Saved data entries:
◇ ◇ ◇ ◇

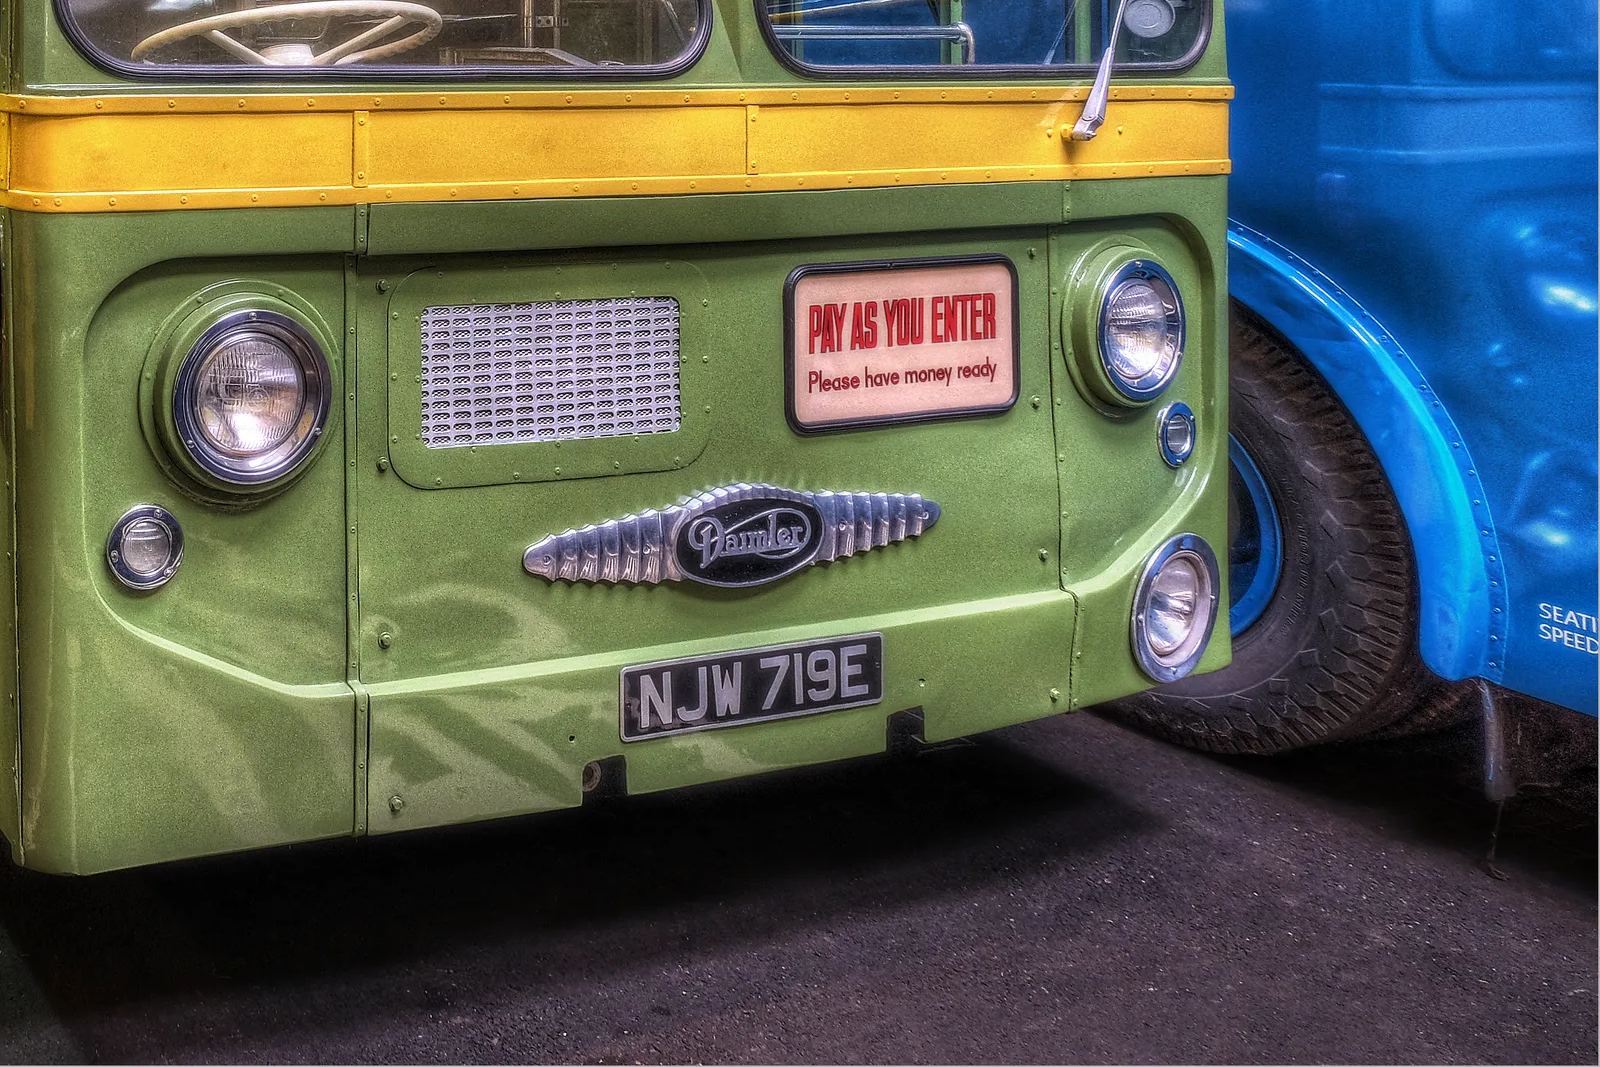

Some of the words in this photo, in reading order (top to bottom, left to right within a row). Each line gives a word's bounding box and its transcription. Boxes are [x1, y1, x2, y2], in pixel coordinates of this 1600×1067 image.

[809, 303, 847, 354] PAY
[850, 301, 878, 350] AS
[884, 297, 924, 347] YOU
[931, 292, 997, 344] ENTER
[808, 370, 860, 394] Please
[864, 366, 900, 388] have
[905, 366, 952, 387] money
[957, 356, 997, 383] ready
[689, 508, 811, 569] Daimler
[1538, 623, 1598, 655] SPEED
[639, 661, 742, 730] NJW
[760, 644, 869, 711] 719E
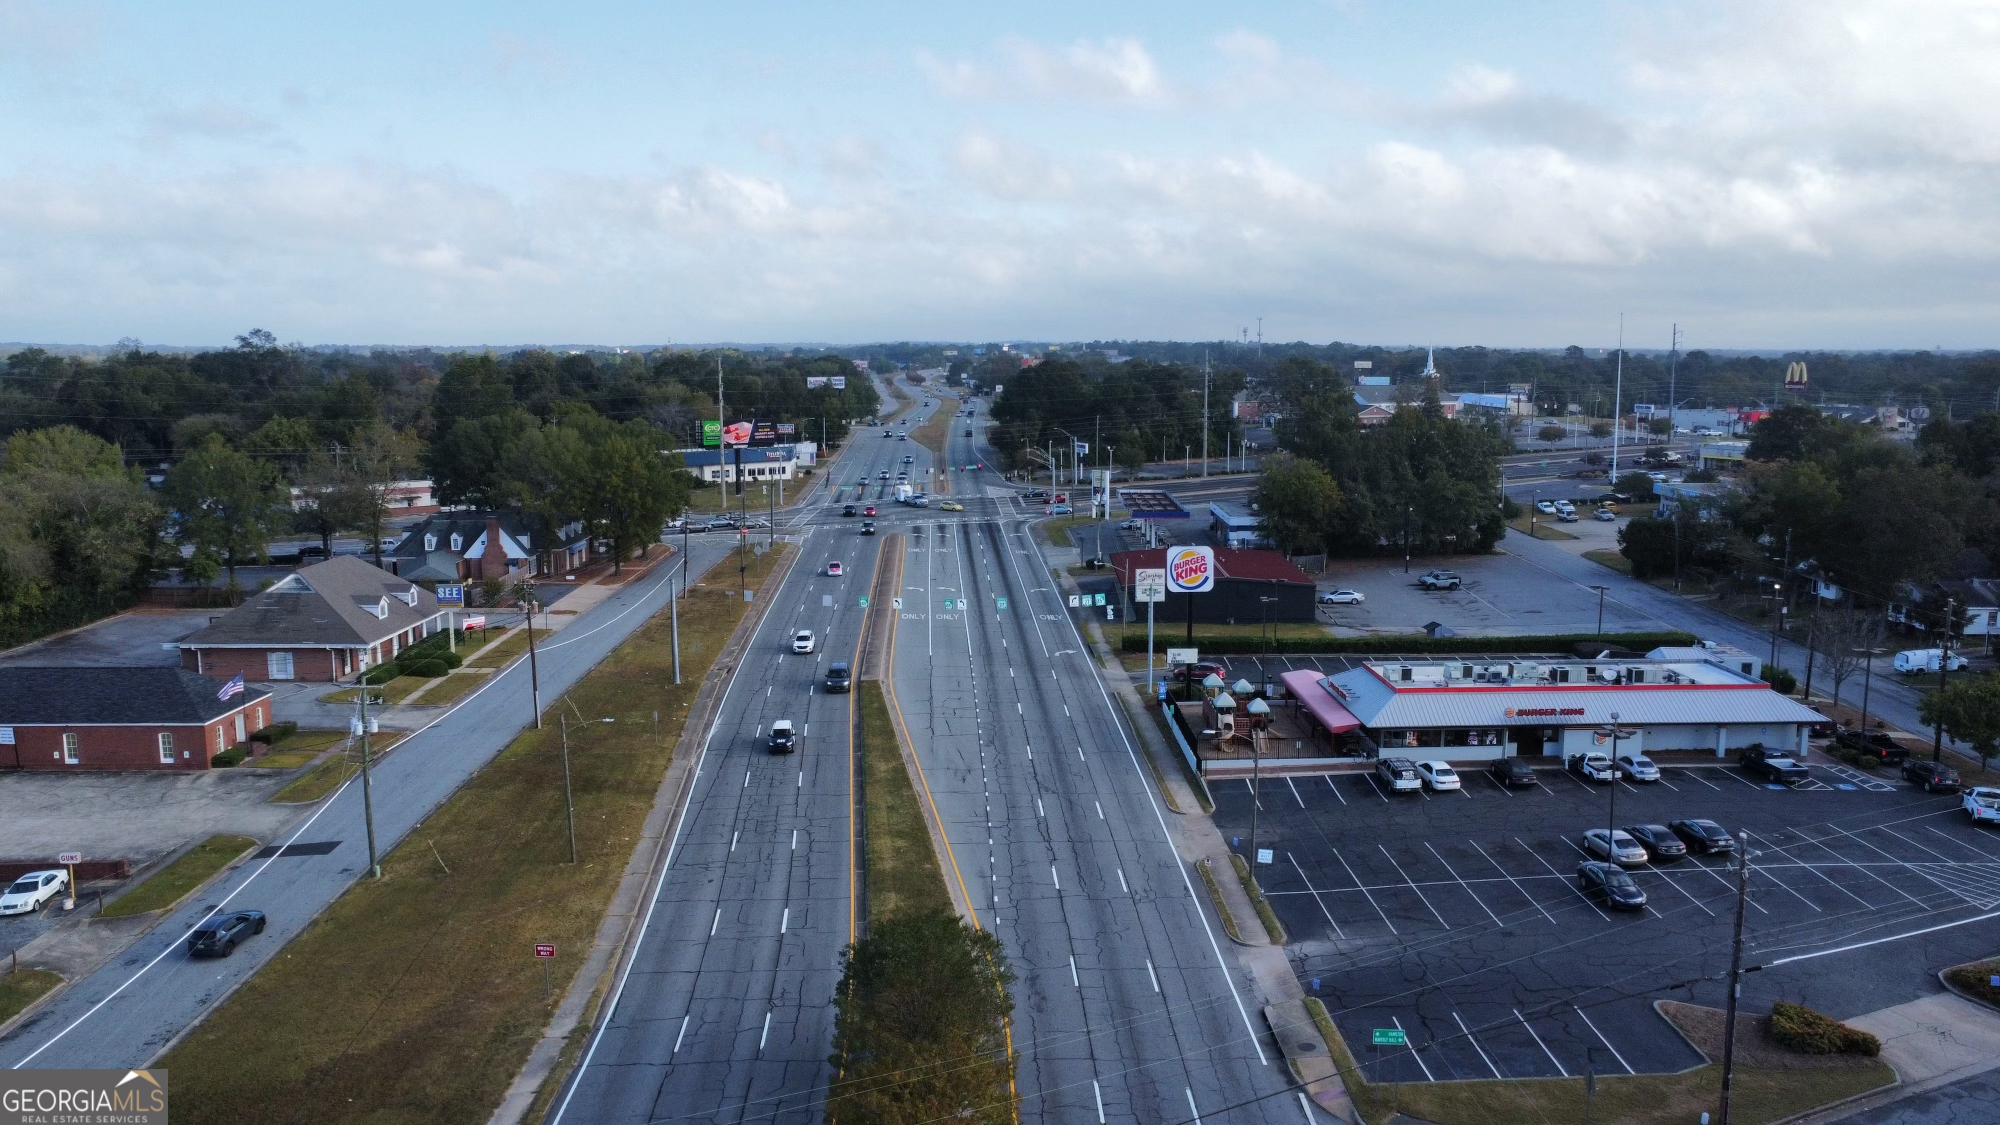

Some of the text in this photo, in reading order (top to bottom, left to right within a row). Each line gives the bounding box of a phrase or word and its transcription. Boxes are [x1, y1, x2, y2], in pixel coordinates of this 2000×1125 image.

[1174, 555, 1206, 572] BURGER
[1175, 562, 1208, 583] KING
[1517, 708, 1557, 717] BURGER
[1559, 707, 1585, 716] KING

◇ ◇ ◇ ◇

- **Task goal**: Print from the line containing "Some of the text" to the last line above, exactly as written.

- **Solution for this exercise**:
Some of the text in this photo, in reading order (top to bottom, left to right within a row). Each line gives the bounding box of a phrase or word and its transcription. Boxes are [x1, y1, x2, y2], in pixel coordinates of this 2000×1125 image.

[1174, 555, 1206, 572] BURGER
[1175, 562, 1208, 583] KING
[1517, 708, 1557, 717] BURGER
[1559, 707, 1585, 716] KING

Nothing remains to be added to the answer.